How does "chain-of-thought" prompting work?
Chain-of-thought prompting (CoT) refers to techniques which make a language model generate intermediate reasoning steps in its output. CoT methods can substantially cut down the number of errors a model makes.
Input:
Take the last letters of the name “Lady Gaga” and concatenate them.
Model Output (without intermediate reasoning steps):
The answer is “ya”.
Model Output (with intermediate reasoning steps):
The last letter of “Lady” is “y”. The last letter of “Gaga” is “a”. Concatenating them gives “ya”. So the answer is “ya”.
Chain-of-thought prompting can be done via few-shot prompting (i.e., giving the model examples of chain-of-thought reasoning to emulate) or zero-shot prompting (i.e., asking the model in the input prompt to "think step-by-step").

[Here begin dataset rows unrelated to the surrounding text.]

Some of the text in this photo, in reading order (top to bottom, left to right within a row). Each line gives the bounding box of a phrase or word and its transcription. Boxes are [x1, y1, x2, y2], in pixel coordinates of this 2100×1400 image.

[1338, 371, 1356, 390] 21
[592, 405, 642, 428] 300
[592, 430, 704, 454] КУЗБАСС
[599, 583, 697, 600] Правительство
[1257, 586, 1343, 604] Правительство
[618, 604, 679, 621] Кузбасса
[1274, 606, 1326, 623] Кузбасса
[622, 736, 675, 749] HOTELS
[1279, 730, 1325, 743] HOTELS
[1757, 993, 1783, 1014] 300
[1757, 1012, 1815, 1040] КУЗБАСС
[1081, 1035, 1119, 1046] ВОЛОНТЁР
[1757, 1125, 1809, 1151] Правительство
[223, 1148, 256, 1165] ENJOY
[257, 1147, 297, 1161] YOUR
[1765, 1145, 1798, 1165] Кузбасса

The difference between standard prompting and chain-of-thought prompting for an arithmetic reasoning problem is illustrated in the figure below.
Source: Wei et al., Chain-of-Thought Prompting Elicits Reasoning in Large Language Models (2023)
Chain-of-thought prompting works especially well on difficult natural language processing tasks like multi-step arithmetic, symbolic reasoning, and common-sense reasoning. This prompting method can also be automated by using LLMs to generate prompts and evaluate responses.
A model’s ability to break down complex problems into intermediate steps is referred to as “chain-of-thought reasoning”, which emerges from increasing model scale. However, the explanations a model generates in chain-of-thought reasoning might not represent its actual reasoning. This implies that chain-of-thought prompting cannot be relied upon to provide a faithfully interpretable window into the model’s actual reasoning.
The main limitation of chain-of-thought prompting is that it generalizes poorly from the examples in the input prompt to harder problems. Further work on techniques like “least-to-most prompting” has tried to address this limitation.